Your objective: In your copy of the data, omit the pictures and keep all else exactly as given.

Records for the exercise:
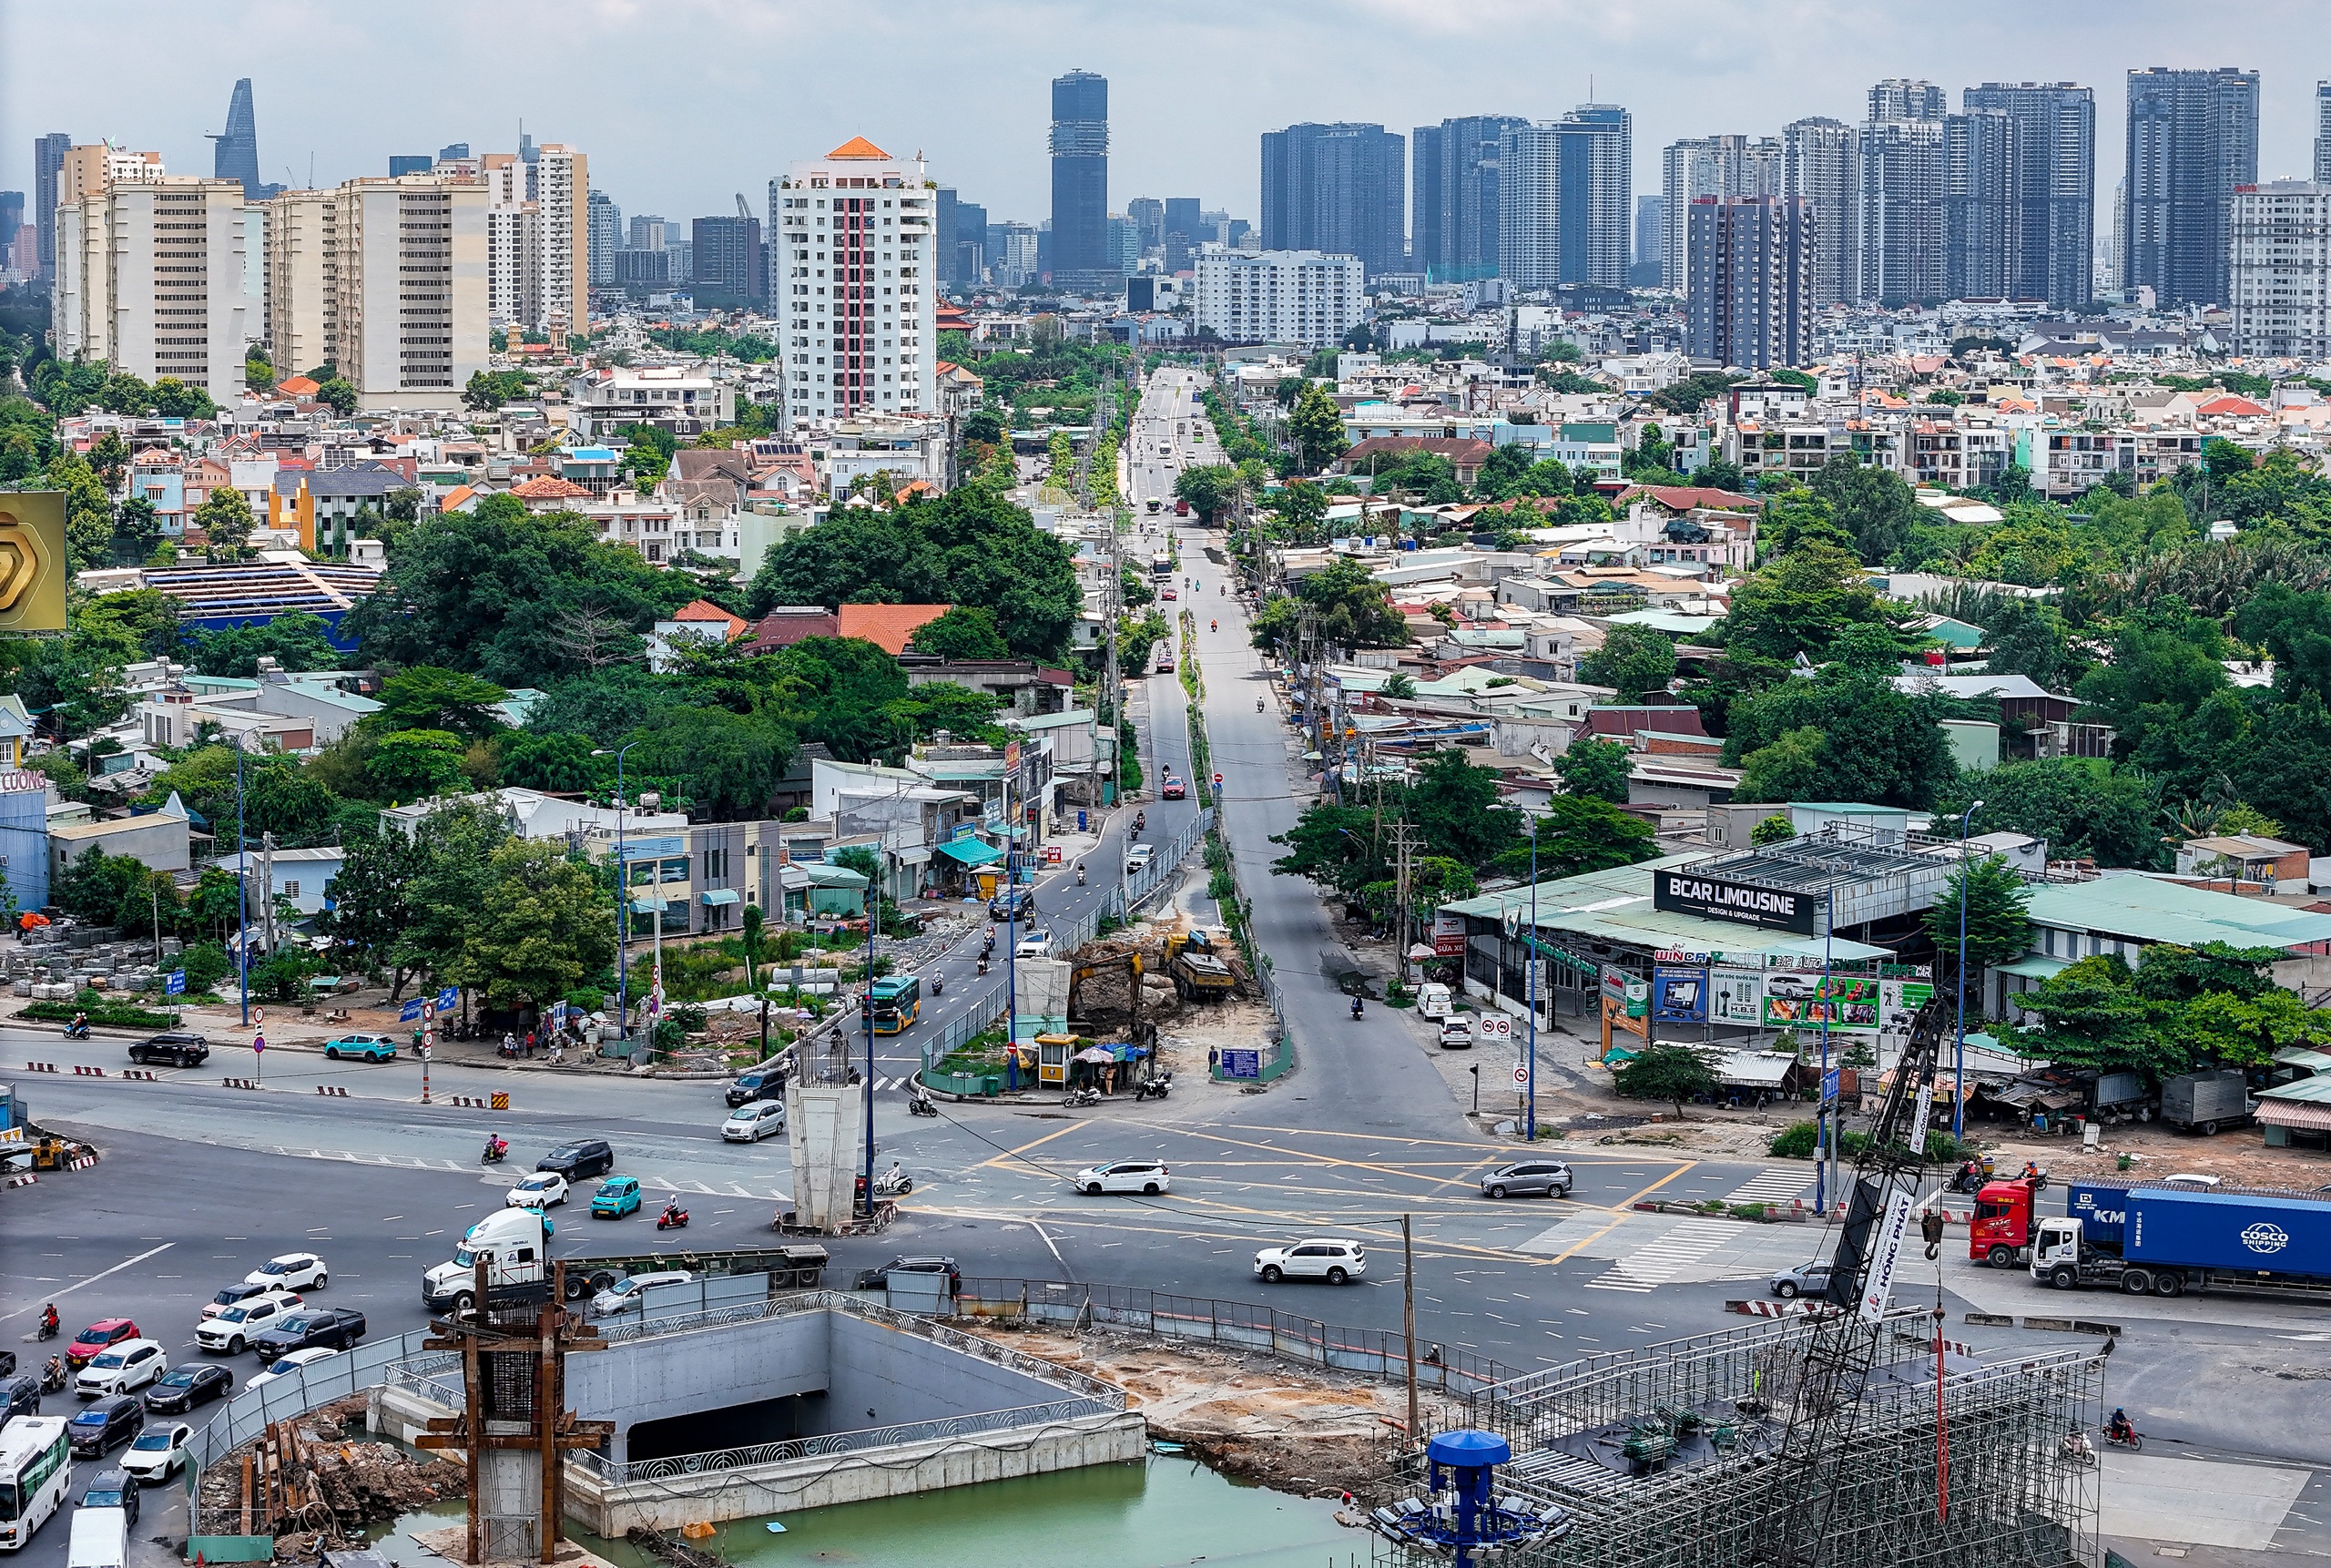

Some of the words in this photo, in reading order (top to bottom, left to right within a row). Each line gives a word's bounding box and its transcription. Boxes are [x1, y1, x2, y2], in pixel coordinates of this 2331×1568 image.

[1669, 877, 1713, 902] BCAR
[1715, 884, 1795, 916] LIMOUSINE
[1707, 906, 1728, 916] DESIGN
[1734, 911, 1760, 921] UPGRADE
[1437, 943, 1453, 952] SỬA
[1797, 956, 1822, 969] AUTO
[1879, 1240, 1898, 1288] HỒNG
[1892, 1196, 1909, 1240] PHÁT
[2240, 1230, 2289, 1242] COSCO
[2242, 1238, 2287, 1247] SHIPPING

Your response:
Some of the words in this photo, in reading order (top to bottom, left to right within a row). Each line gives a word's bounding box and its transcription. Boxes are [x1, y1, x2, y2], in pixel coordinates of this 2331×1568 image.

[1669, 877, 1713, 902] BCAR
[1715, 884, 1795, 916] LIMOUSINE
[1707, 906, 1728, 916] DESIGN
[1734, 911, 1760, 921] UPGRADE
[1437, 943, 1453, 952] SỬA
[1797, 956, 1822, 969] AUTO
[1879, 1240, 1898, 1288] HỒNG
[1892, 1196, 1909, 1240] PHÁT
[2240, 1230, 2289, 1242] COSCO
[2242, 1238, 2287, 1247] SHIPPING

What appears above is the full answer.